LONDON (Reuters)-British health officials said on Sunday that as many as six cases of highly spreading coronavirus variants first discovered in the Brazilian city of Manaus have been detected for the first time in the UK.
Three cases were found in England and three cases were found in Scotland.
Of the three cases found in England, two were from a family in South Gloucestershire that had a history of traveling to Brazil. Public Health England said there is a third case that has not yet been established and has yet to be determined.
PHE said that people think the Gloucestershire case poses a low risk to the entire community, but as a precaution, officials are taking swift action to test and increase the sequencing of positive coronavirus samples in the area.
The Scottish case has nothing to do with the English case.
PHE said that the P.1
Susan Hopkins, director of strategic response to PHE COVID-19, said that the UK’s advanced gene sequencing capabilities mean that more mutations and mutations have been discovered in the UK compared to many other countries.
At the end of last year, the United Kingdom discovered a more easily spreading variant of the coronavirus, which is believed to have originated near London, leading to a sharp increase in cases in the country and elsewhere.
“The important thing to remember is that no matter what variant of COVID-19 is, it spreads in the same way. This means that measures to stop its spread will not change.” Hopkins said.

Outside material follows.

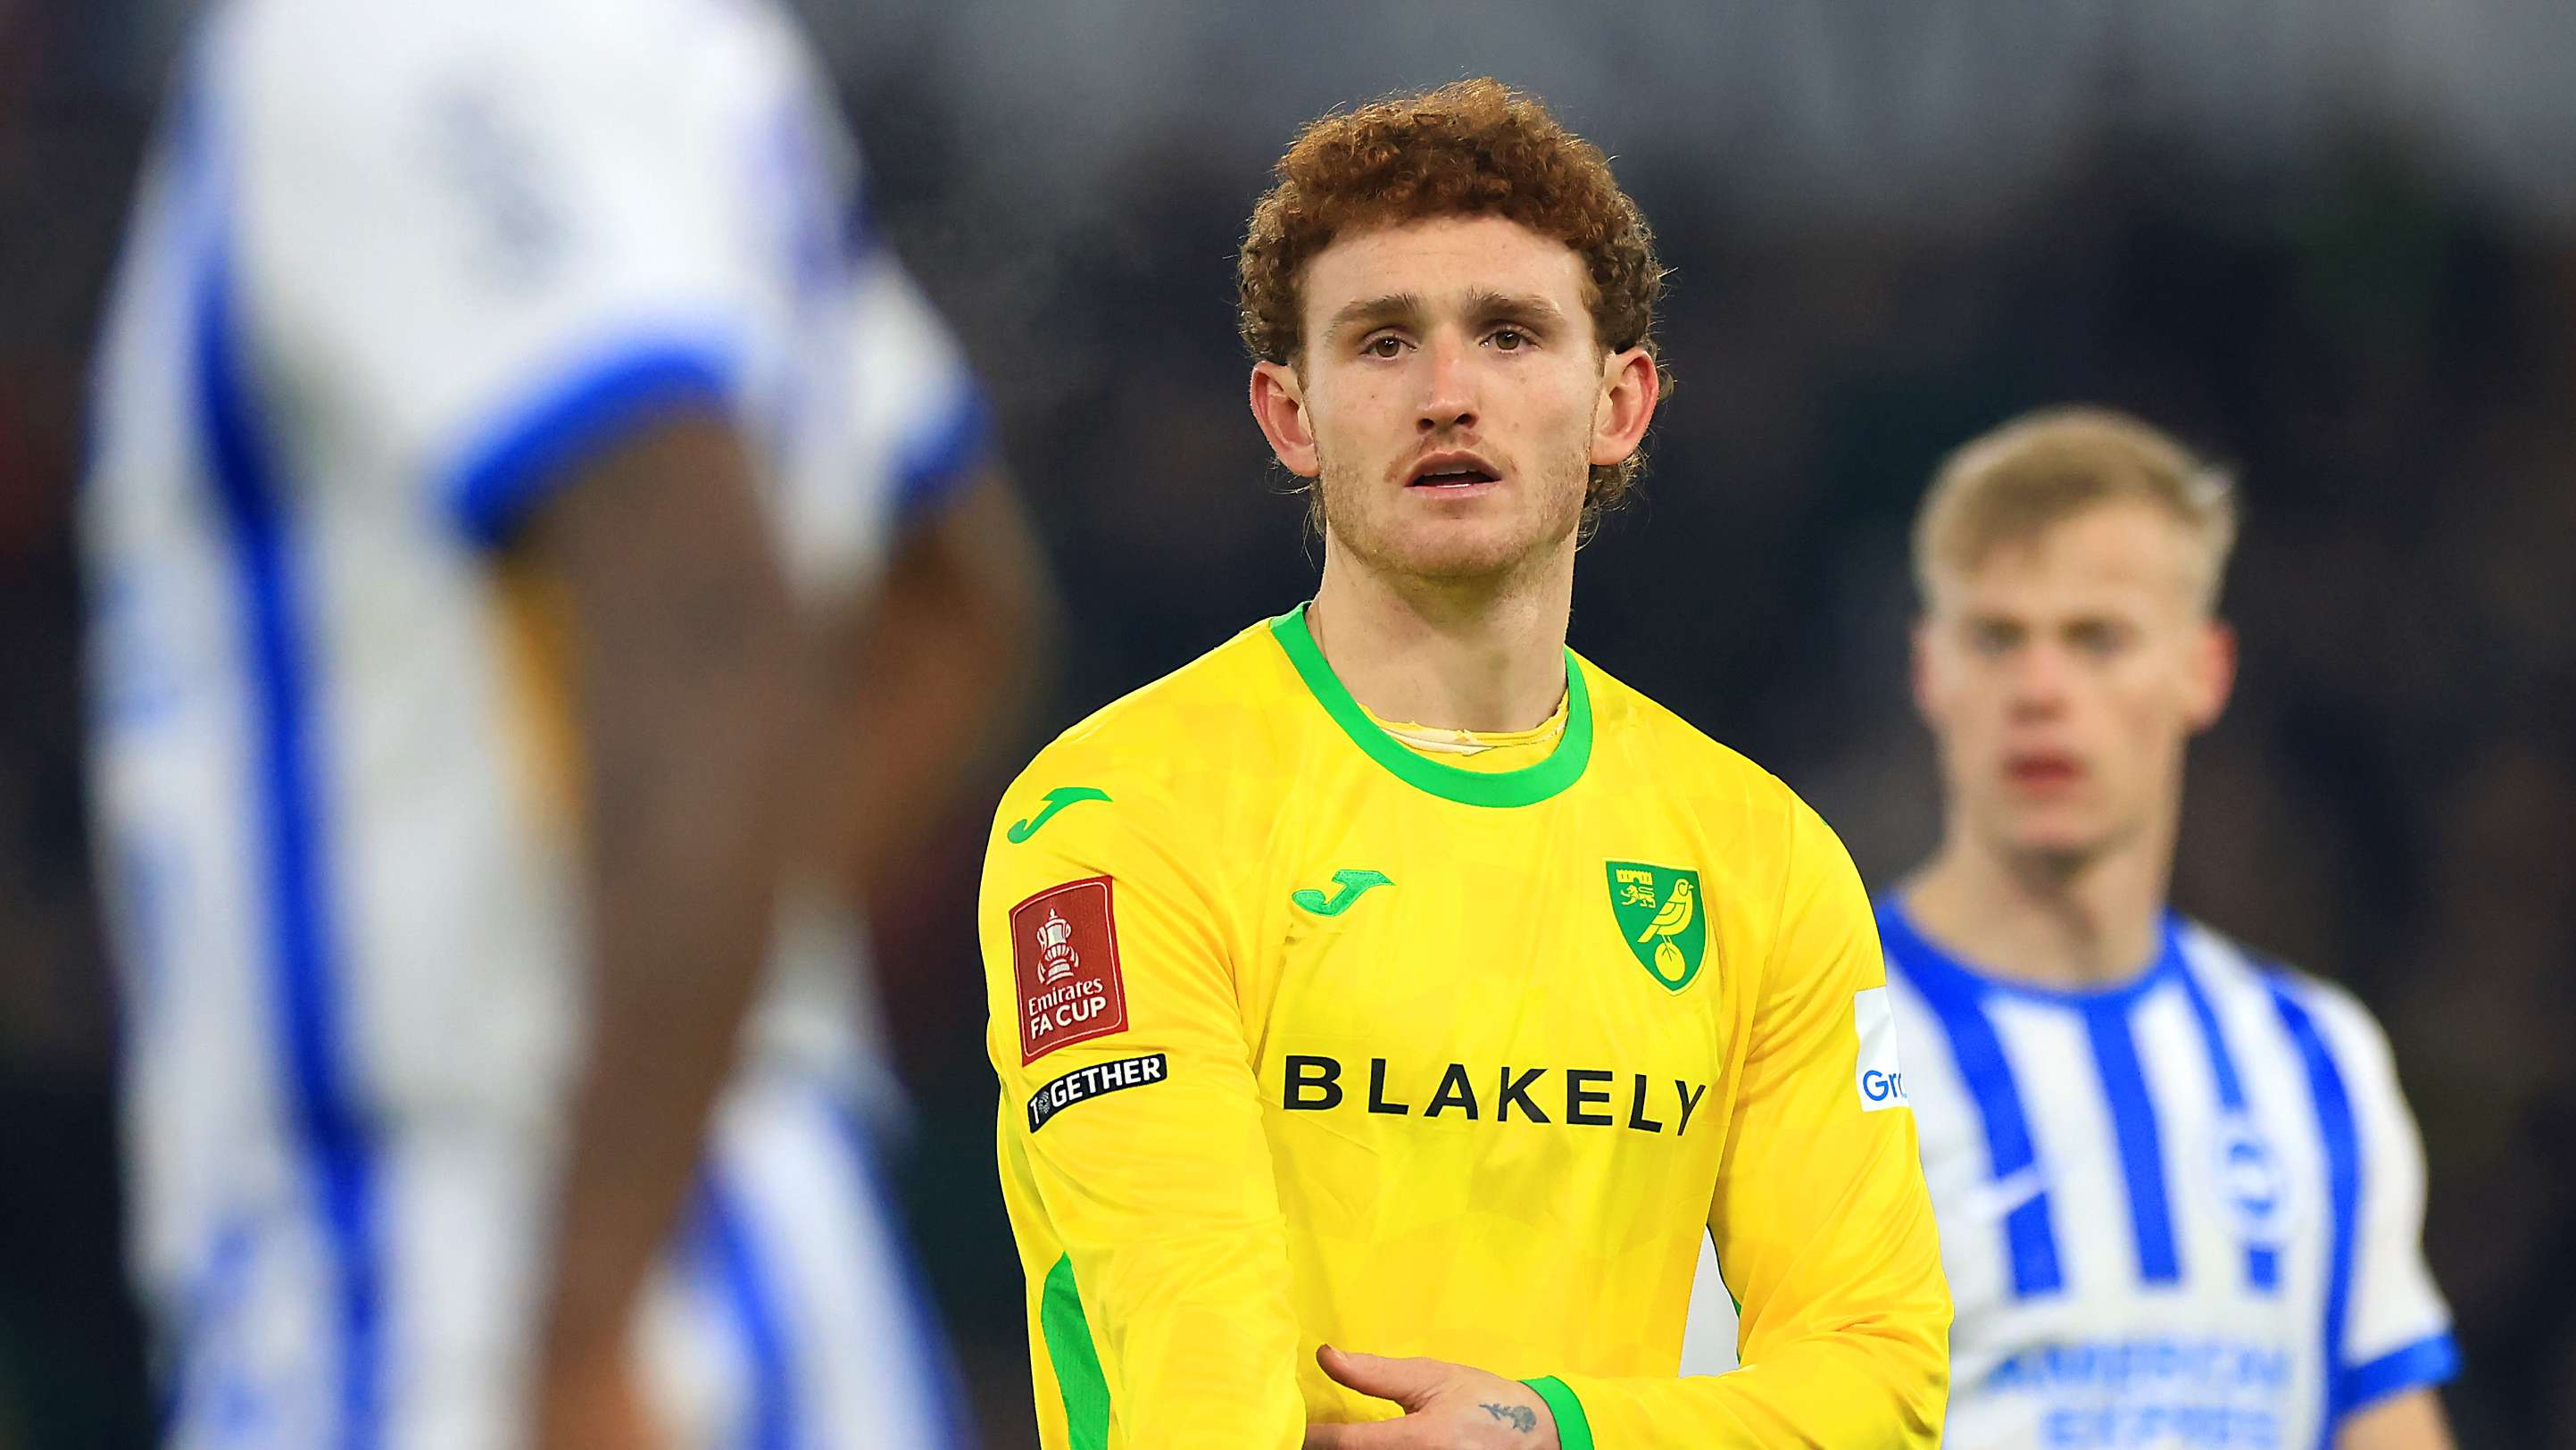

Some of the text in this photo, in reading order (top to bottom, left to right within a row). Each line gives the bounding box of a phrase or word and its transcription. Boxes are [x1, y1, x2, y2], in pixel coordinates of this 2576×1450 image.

[1028, 978, 1103, 1016] Emirates
[1030, 996, 1107, 1040] FA CUP
[1284, 1054, 1706, 1136] BLAKELY

PHE and the test and tracking officer system are following up on all Swissair flights LX318 from Sao Paulo to London via Zurich, which landed at London Heathrow Airport on February 10 to test them and their families.
Among those who returned to the country via Paris and London and self-isolated within the required 10-day period, all three cases in Scotland were found.
The Scottish government said: “Because of possible concerns about this deformation, it is in contact with the other passengers on the three people’s flight from London to Aberdeen.”